前回はもうここに居合わせることのない3番目のゲットマシンの、ベアー号パイロットへの土産だったのを彼は覚えている、軽井沢駅まで迎えに行った竜馬もすぐ思い出した。だがそれについて触れようとしなかったからミチルはまあそうなのと返し、弁慶はふうんとすぐに手をのばした。

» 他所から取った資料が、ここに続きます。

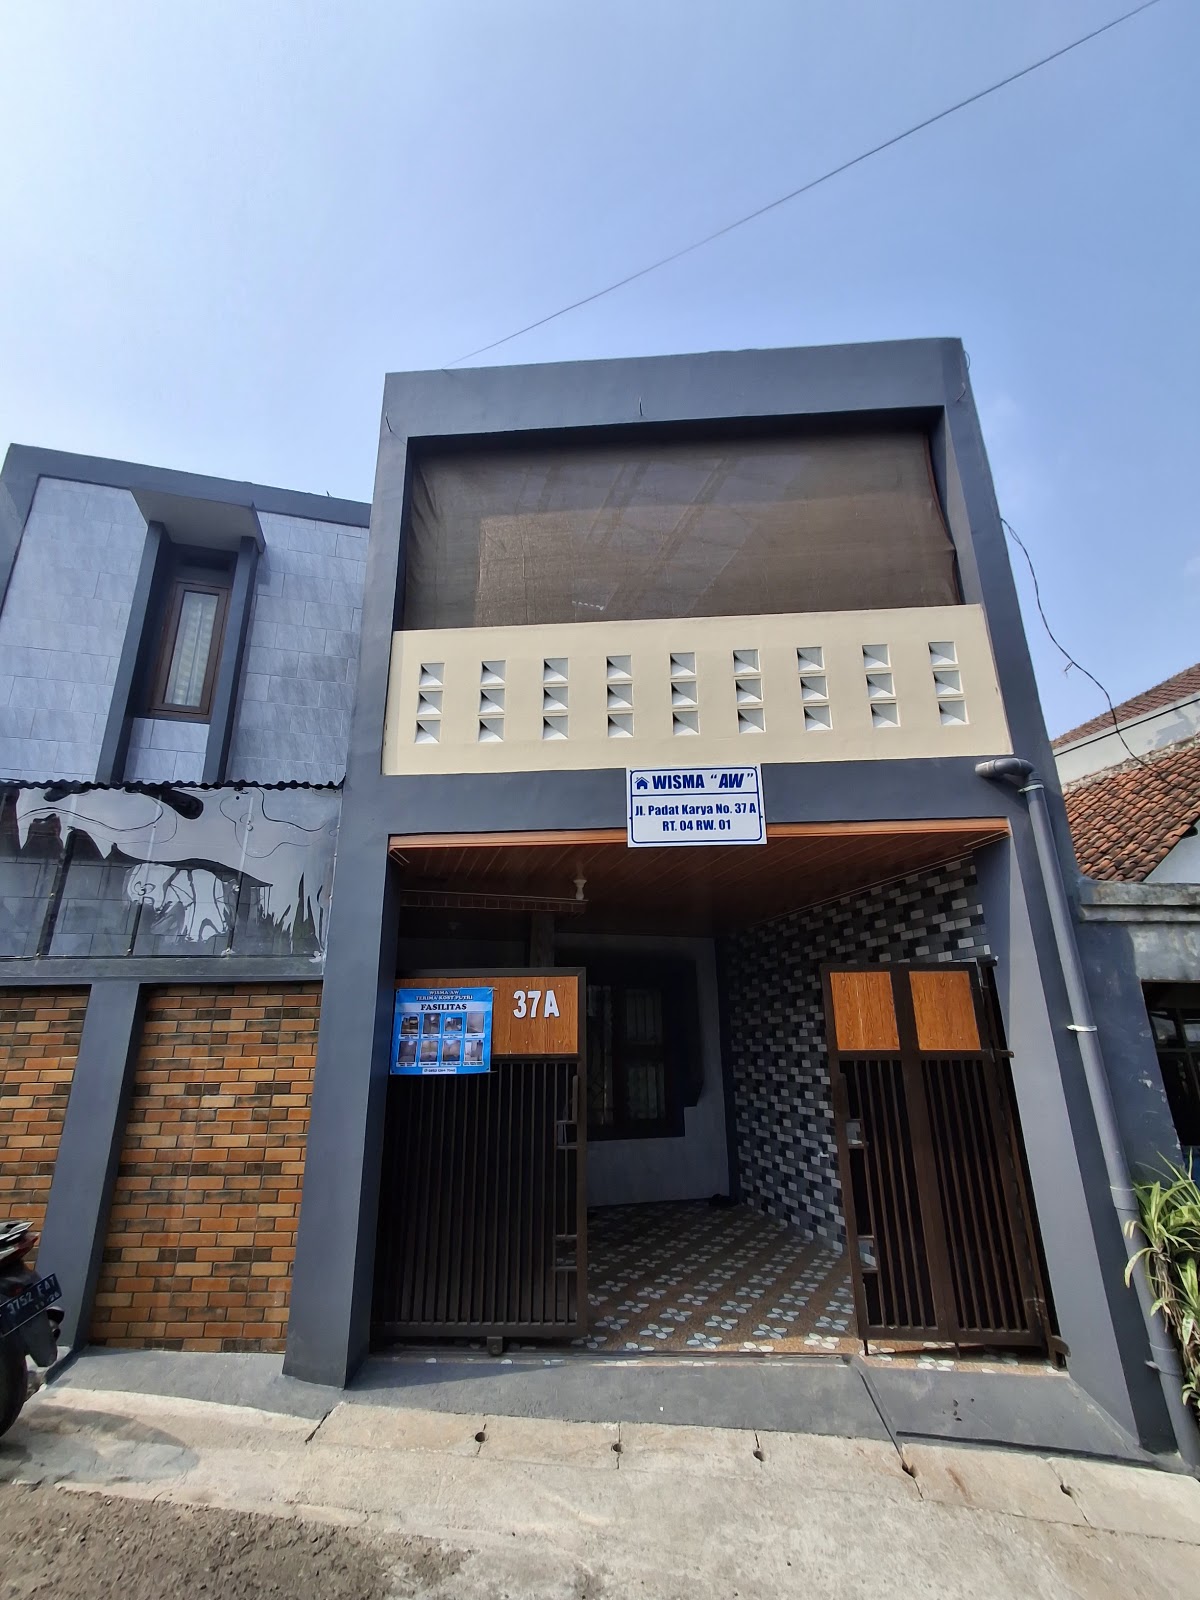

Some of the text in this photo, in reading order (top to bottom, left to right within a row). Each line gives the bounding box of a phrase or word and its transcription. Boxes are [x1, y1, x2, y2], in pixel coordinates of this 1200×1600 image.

パンチグラスに立てて供されたそれが焼き菓子代わりに各々の口に運ばれるのを見遣り、竜馬もそれを齧りかけたところで、ミチルが「あらやだ」と声を挙げた。テーブルの上、ごく小さくて黒い艶のある長い虫がとまっている。ミチルの前に向かっているそれを、ポッキーを長い煙草のように咥えたままの隼人がぴんと指ではじく、だがそれが思いがけずテーブルにしっかりと居残ったので、指でつまんで放り出そうとする。隼人の白い面差しと咥えた真っ白い菓子の間で薄い唇の色がくっきりと見て取れ、白い指先と黒い虫の間で血の色を閉じ込めた良い形の爪が桜貝のように映える一瞬を竜馬はほうっと見守った、が、
「おっと待ちな」
弁慶の成形途中の塑像のような、太くも工具のようにしんと静かに揃って角ばったような手指が隼人の白い手を掴み押し止めた
「こいつはちんちくりんだが、どうして触るとかぶれるやつだ、さらにその手でトイレに行っちまったりしたら物凄くあぶねえ」

少しの、沈黙。

その後、「あらやだ!!!」というミチルの悲鳴に近い叫びがあがり、隼人は「ありがとよ馬鹿」と呟き顔を覆う。その耳がじわじわと真っ赤に染まっていくのを見守りつつ、竜馬は「①END止」と表記のある作画監督が描いたセル画みたいないい微笑顔でずっと止まっていた。ああなんだって自分はこの場において、まずはこの焼き菓子を口にし咀嚼するという一連の動作をこなしてからでないとこの現場(げんじょう)に参加できないんだろう、なんだって一人いい感じに蚊帳の外なんだろう、なんだってなんだってああ頭の中だけとても忙しい!
―――きれいだから好きなんじゃない、好きなものはいちばんきれいに見えるものなんだ

名も知れぬ黒い虫が小さな羽を広げ、ぱっと飛び立った

十一月十一日 のちのポッキーの日。